COVID blueprint

COVID-19 has taught those of us working in affordable housing many lessons – one of the most important is that while New York City and State have been successful in creating and preserving thousands of affordable housing units over the past six years, we have to a large degree developed affordable housing in a silo. The underlying assumption in New York’s affordable housing development program has been that decent, quality housing that is affordable is sufficient to help people stabilize their lives and move ahead in society.

When one looks at the population which needs affordable housing, we know that the primary groups for which affordable housing is essential are those at the lower levels of the income scale and homeless people. These families and individuals need much more than a roof over their heads—they need a foundation under their feet. This foundation needs to include access to affordable health care and mental health services, job training and jobs, and social services. A first step in providing this foundation is to connect affordable housing with access to affordable health care. The coronavirus pandemic has shown that health care takes many forms : community-based health care, urgent care centers, walk-in clinics, hospitals, prescription medications both through traditional pharmacies and online services, and support teams that help individuals access this “system” and support individuals on their journey to better health.

This pandemic has underscored a critical weakness in how we plan and deliver affordable housing, namely that we haven’t developed effective partnerships between housing and healthcare providers. With the exception of supportive housing, few if any affordable housing projects ensure that all tenants be enrolled in a health care plan or connected with a primary care provider.

One barrier to making these connections has been the financing mechanisms used and the restrictions placed on how the funds can be used. Almost all of the affordable housing built in New York has been financed in large part with federal, state and city subsides: Low Income Housing Tax Credits, low interest loans and direct grants. In addition, many of the lowest-income tenants have rent subsidies from the government, such as HUD Section 8 vouchers, which have numerous limiting regulations. These subsidies were created by various levels of government to keep people housed; however, they have failed to recognize the importance of health care as an essential element in stabilizing people’s lives.

The Citizens Housing and Planning Council (CHPC) recently issued a policy paper which urges partnerships between affordable housing projects and hospitals and overhauling the city’s affordable housing lottery system to “make housing placement quicker and target affordable housing to meet our policy goals.” These are essential elements of creating a closer working relationship between health care and housing programs/resources.
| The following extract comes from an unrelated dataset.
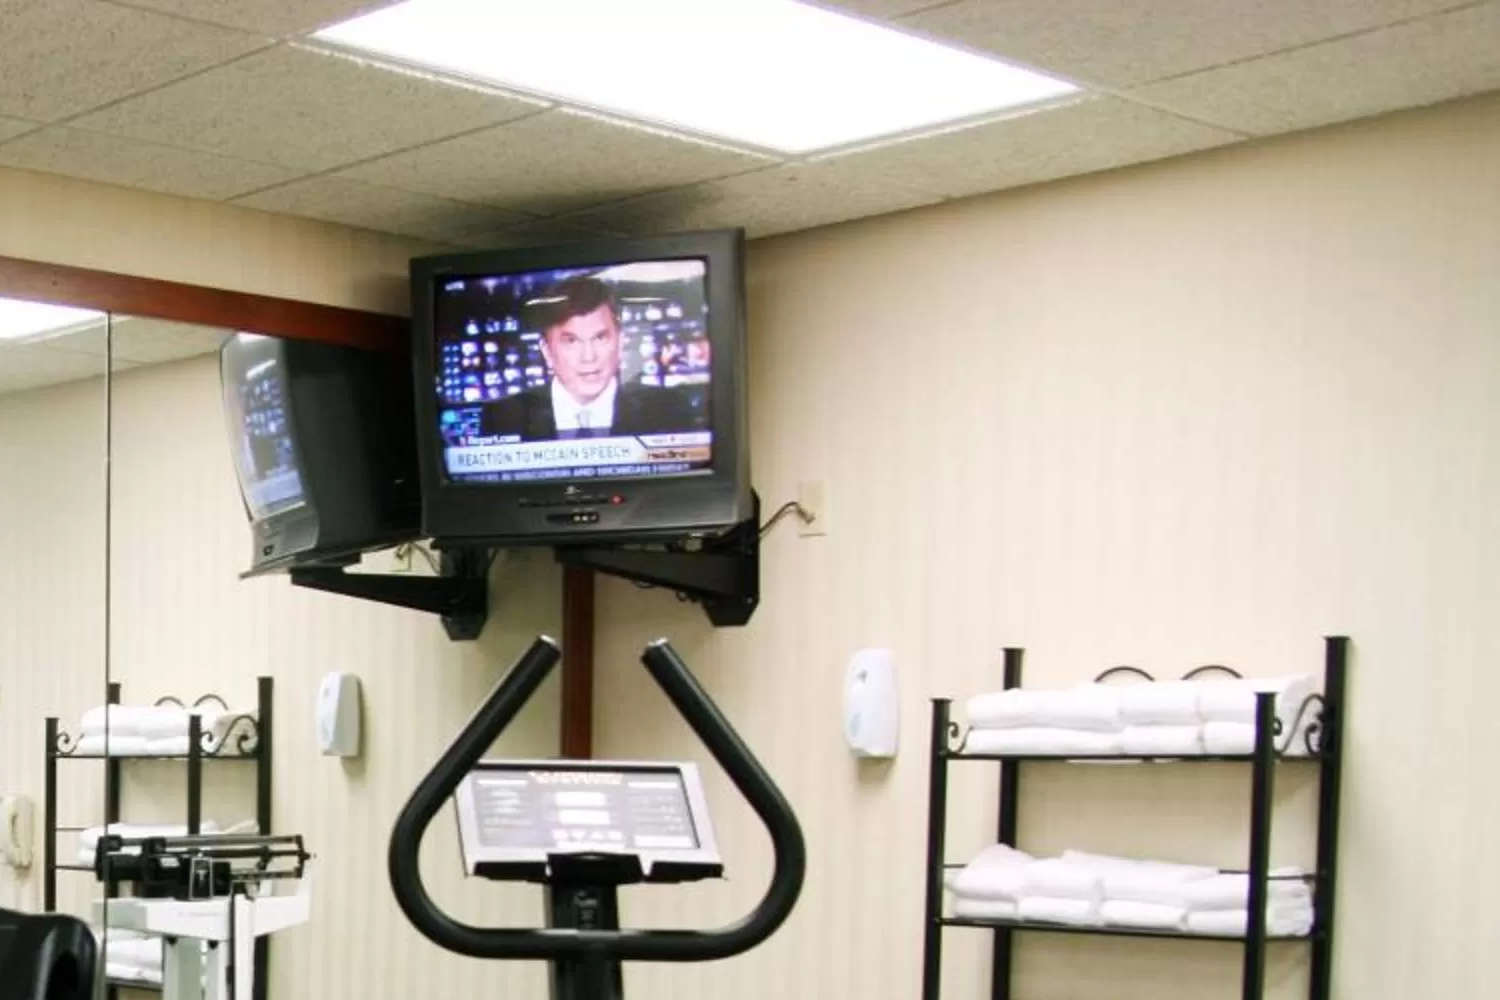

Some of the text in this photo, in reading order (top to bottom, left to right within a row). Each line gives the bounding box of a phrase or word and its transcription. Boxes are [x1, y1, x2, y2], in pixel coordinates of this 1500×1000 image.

[458, 451, 513, 466] REACTION
[515, 450, 531, 463] TO
[581, 445, 629, 459] SPEECH
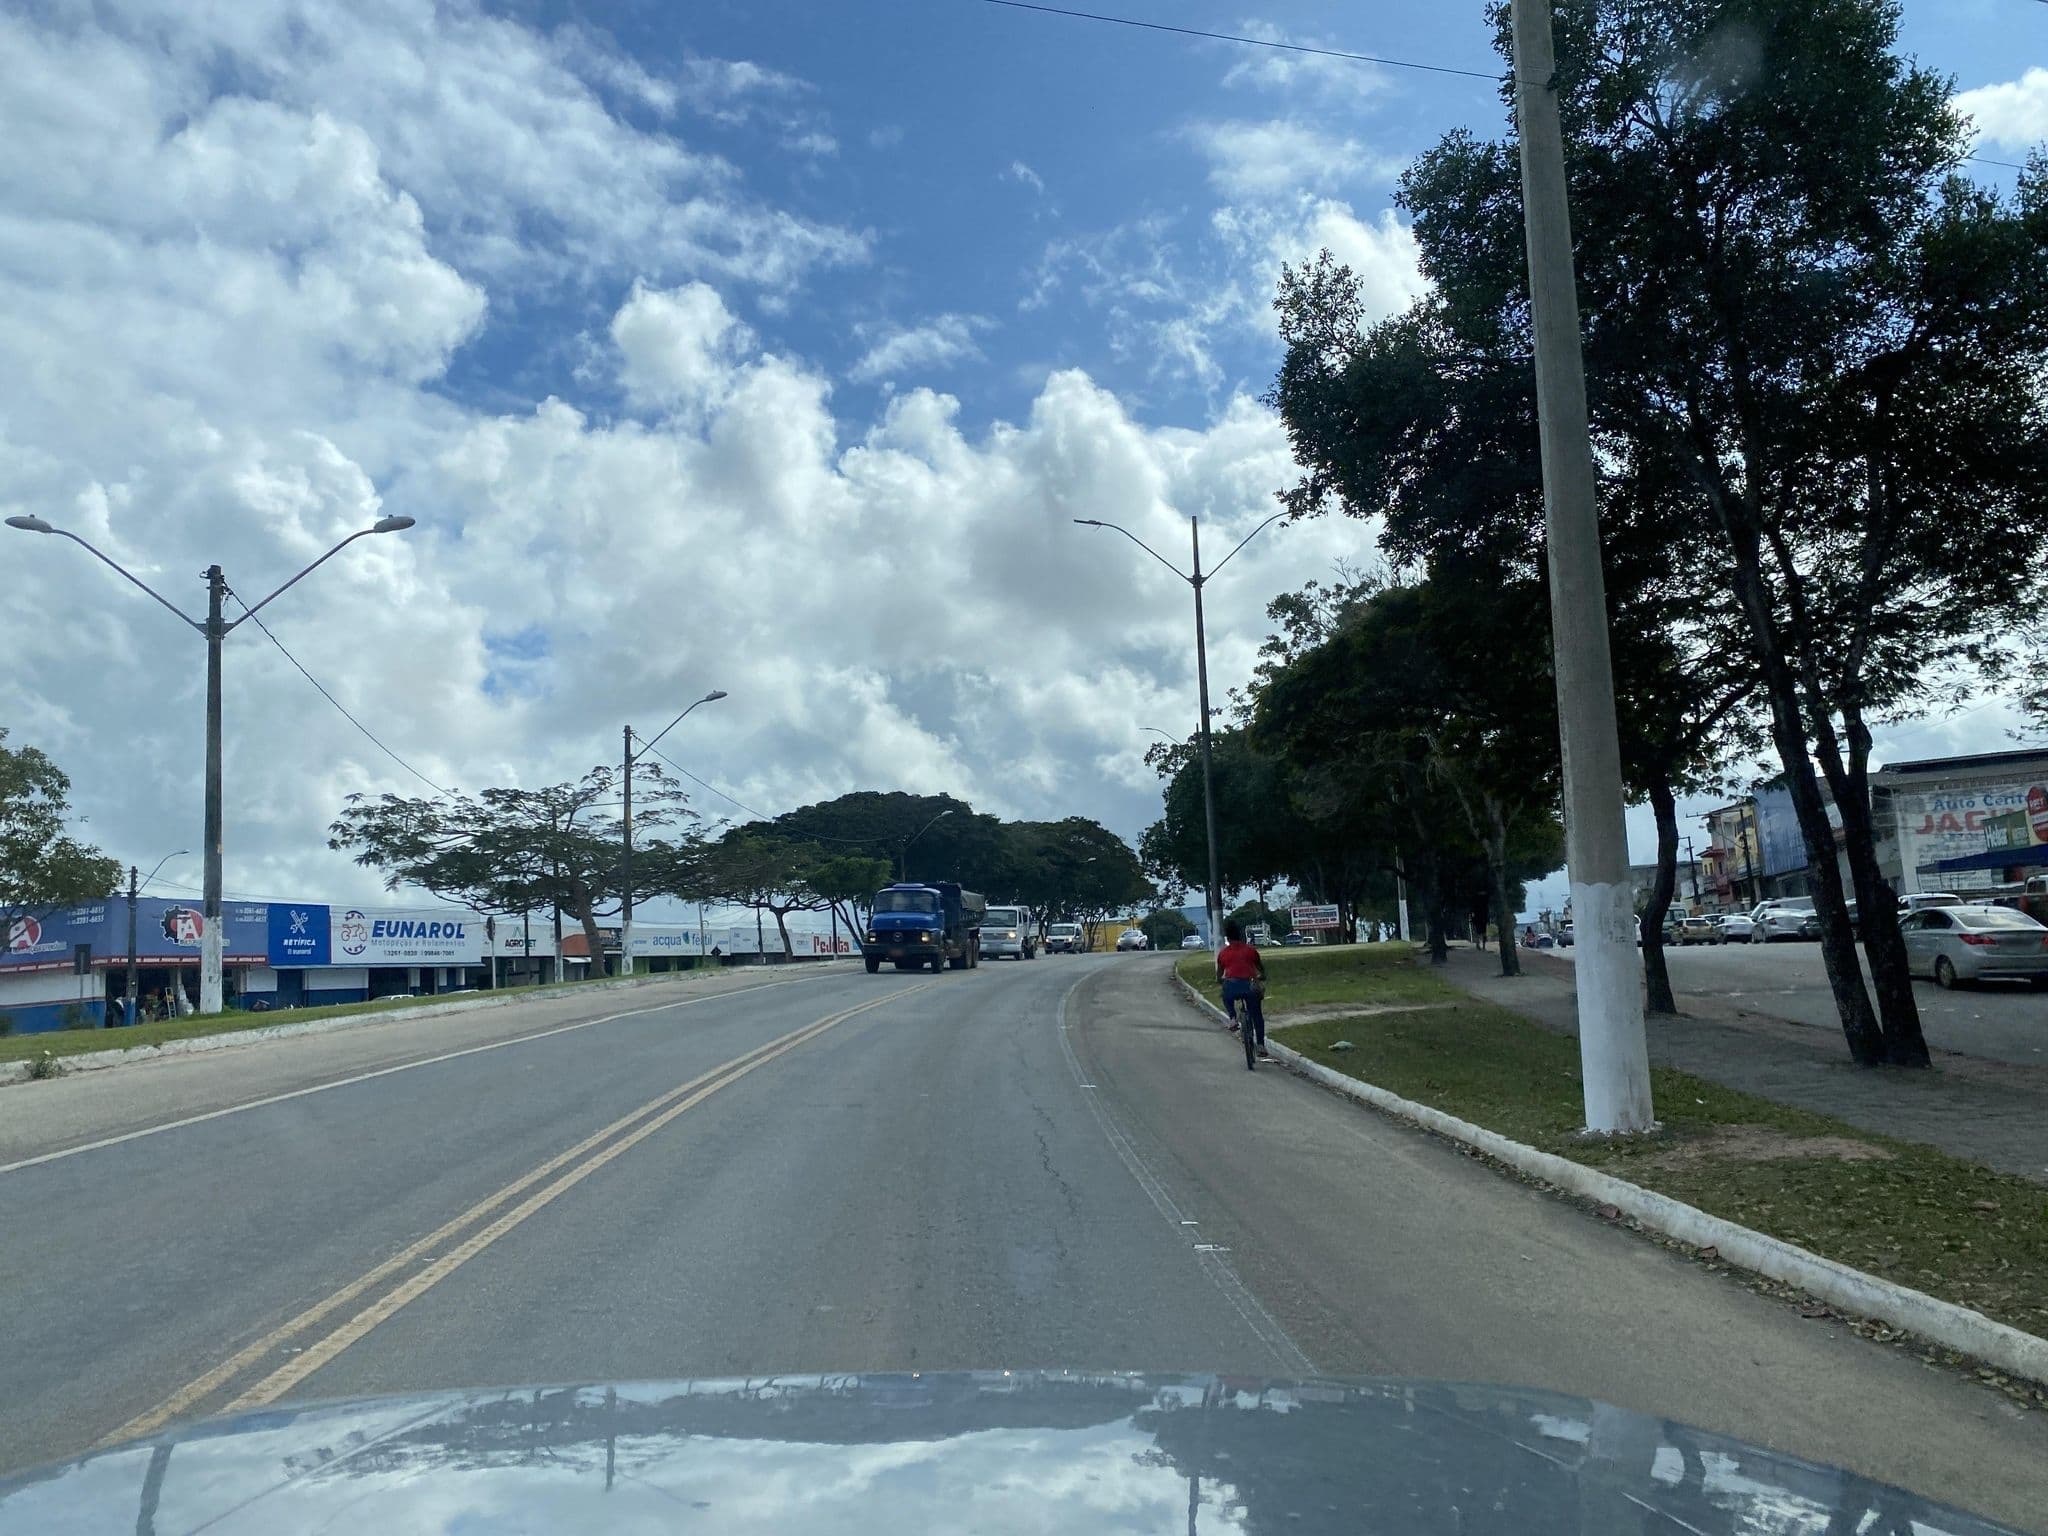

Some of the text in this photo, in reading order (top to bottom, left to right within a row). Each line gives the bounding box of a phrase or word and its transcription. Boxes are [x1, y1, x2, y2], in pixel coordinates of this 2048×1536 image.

In addition to the CHPC recommendations, we should look at existing resources, such as the large number of community-based healthcare providers, which focus more on prevention and are more accessible than hospitals and are poised to serve many more health care consumers than they currently have enrolled. Telemedicine extends their ability to reach underserved populations and provides increased opportunities to employ physician assistants and certified nurses.

Since most of the affordable housing in the city was and is being built with an investment of city and state funds, the city and state should consider making it a requirement that tenants who live in housing built using initial capital funding or ongoing rent subsidy support enroll with a primary healthcare provider. While a requirement such as this might be viewed as an invasion of privacy, the COVID-19 pandemic has demonstrated that without clear rules about how to prevent and contain the spread of disease, the whole society loses. This is a time when the “greater good” has to prevail or we will fail as a democratic society.

To support this expanded definition of quality housing, for tenants who are Medicaid eligible or in private health insurance plans, the cost would be covered by these plans. If the tenant (or prospective tenant) is uninsured, then Mayor de Blasio’s health care initiative to cover all New Yorkers could be accessed.  We should also explore the willingness of major healthcare insurance systems to consider alternative healthcare and financing models for serving this population and supporting linkages between housing and health care providers.

New Yorkers can learn from some experiments in linking housing and health care, chiefly on the West Coast. Low Income Investment Fund’s (LIIF) report “Innovative Models in Health and Housing” provides case studies of local governments requiring linkages to healthcare providers before providing public financing for the affordable housing project. Some of the investments to ensure this health linkage have come from health care providers and insurers, such as Kaiser Permanente.  This approach appears to have been effective in ensuring that the tenants have a health care provider at the outset of their tenancy. Many of these projects have not utilized Federal Low-Income Housing Tax Credits so that they did not run afoul of the LIHTC regulations that prohibit targeting certain populations, such as vulnerable populations. We need to be creative and develop financing approaches that don’t create these hurdles.

It is clear that we need to step back and look not just at how to finance and build affordable housing, but also at what low-income tenants need, particularly when it comes to healthcare, and how to provide these services in a comprehensive way from the beginning – not as an afterthought. The COVID 19 pandemic boldly underscores the need for housing and health to be coordinated at the front end of planning a development project and how to develop connections between health/housing programs in existing affordable housing developments.


Claire Altman is the president of Altman Strategies LLC.